The New York Post: "In short, the [Supreme] Court ruled, 'perjury is an obstruction of justice.' And nowhere in their many opinions on the subject did the justices ever add the words, 'except when it's only about sex.'"
The Philadelphia Inquirer: "He should resign because, if he does not, his once-glittering agenda of centrist change faces a devastating setback in November's congressional elections."
The Star-Tribune, Minneapolis, Minn.: "Indeed, if the names of sexually transgressing heroes suddenly were erased from all U.S. schools, public buildings, streets and Navy ships, there would suddenly be a lot of jobs for sign painters and stone carvers."
Detroit Free Press: "The House decision to release Kenneth Starr's report on President Bill Clinton directly via the Internet put a stamp of legitimacy and importance on a medium that still seems hardly out of infancy."
"Hillary Rodham Clinton has been perhaps the classiest player in the whole sorry mess surrounding her husband."
The Post-Dispatch, St. Louis: "If the American people are to judge Mr. Clinton, to forgive him or to impeach him, we have to engage more than our visceral reactions."
"This is still a country in which church and state remain separate. Doing penance for private sins is a spiritual matter irrelevant to public accountability."
"Mr. Starr sometimes stretches the facts and invents novel and disturbing theories of wrongdoing."
The Hartford Courant: "Yet another politician has been caught in, if not a lie, then a conspicuous act of hypocrisy. That politician is Rep. Helen Chenoweth of Idaho."
"He may again pull off a Houdini-like escape from his latest tight spot, but he has lost whatever stature he had as a moral and credible leader."

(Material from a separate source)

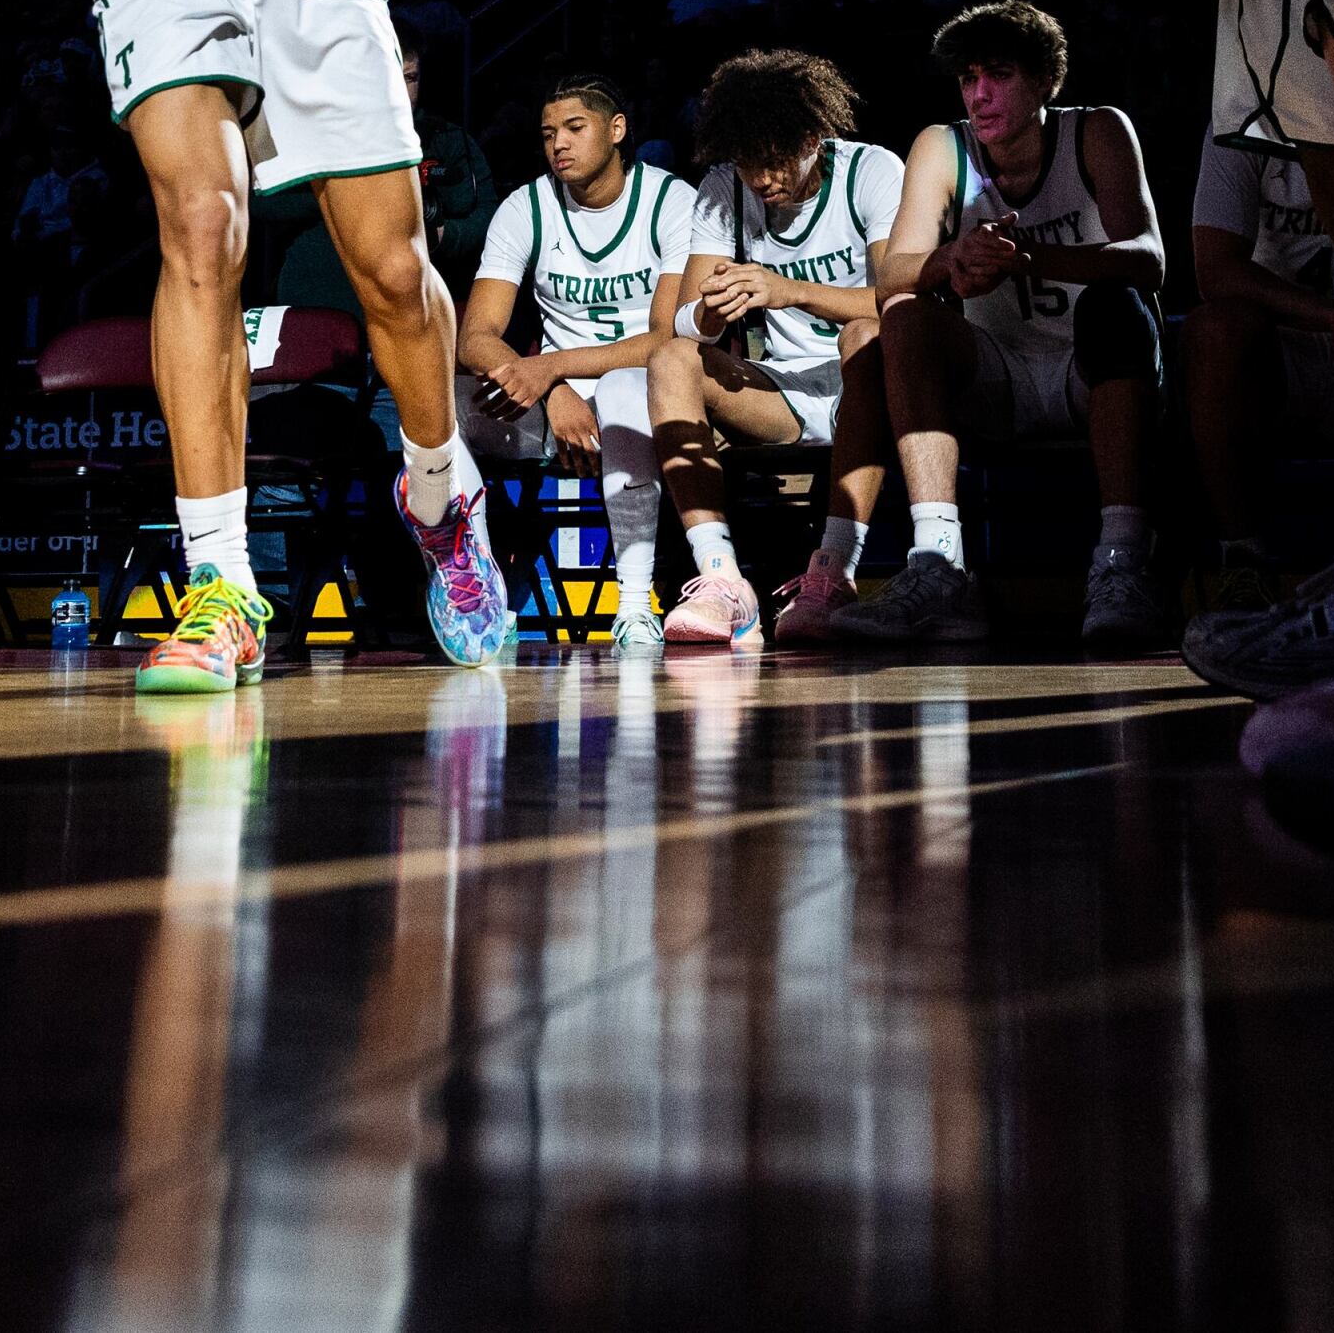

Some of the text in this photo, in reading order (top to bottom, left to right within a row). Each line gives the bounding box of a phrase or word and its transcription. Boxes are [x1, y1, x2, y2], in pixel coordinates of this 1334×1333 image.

San Jose Mercury News: "When he first campaigned here six years ago, Clinton seemed too good to be true: a man of obvious intellect, radiating charm, he was both an articulate speaker and a good listener. Unfortunately, that first impression was too good to be true."
Albuquerque Journal: "Nowhere in the narrative of the report does one find one shred of moral concern by Clinton unlinked to concern about his political or legal future."

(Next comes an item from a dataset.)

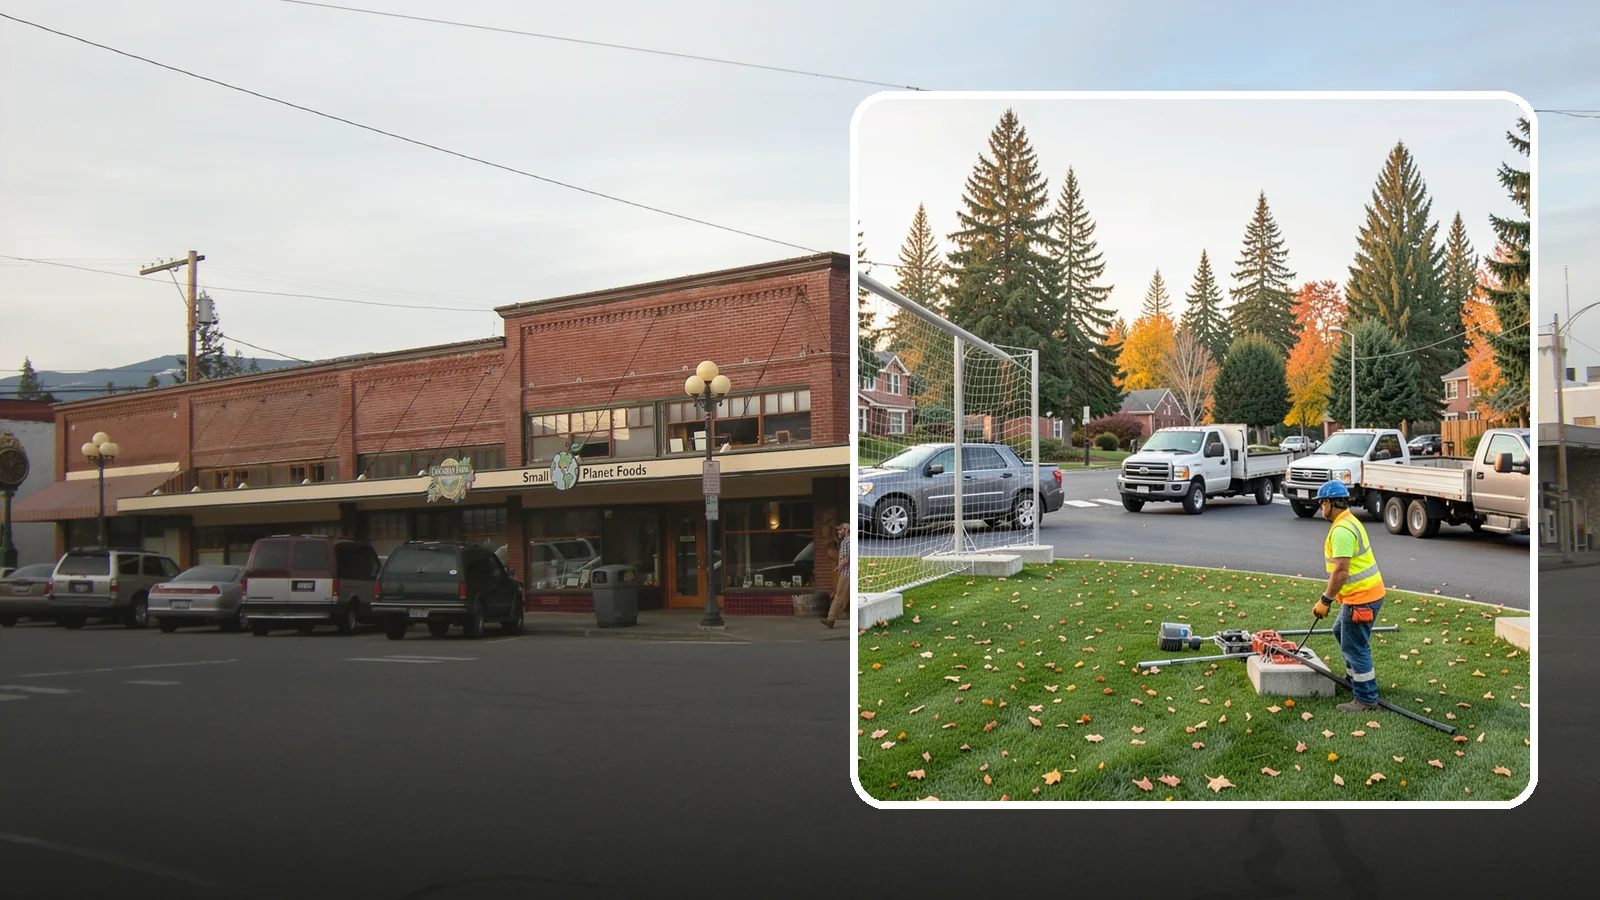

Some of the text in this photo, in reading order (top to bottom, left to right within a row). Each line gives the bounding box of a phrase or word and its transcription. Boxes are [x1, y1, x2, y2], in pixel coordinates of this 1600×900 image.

[523, 464, 647, 483] Small Planet Foods

The Tampa Tribune: "But in his recent betrayal of the trust of his own supporters, this president has managed to tarnish even his own dull reputation."
The Wichita Eagle: "No, Mr. Clinton is not the only villain here. But Mr. Clinton's actions, both reckless and devious, tower over all the rest."
The Oklahoman: "Wrong ideas and sinful living have cut us off from Thee.... Hear this our prayer and grant that we may confidently expect to see it answered in our time, through Jesus Christ, Our Lord. Amen."
The Seattle Times: "By himself and through his aides, he tried to make the public complicit in his misconduct by asking us to feel contempt for a lawful investigation and, worse, to pretend that immoral behavior by public officials was irrelevant."
The Atlanta Journal-Constitution: "The American people have been doomed to a guided tour of hell."
The Charleston Daily Mail: "Sickening."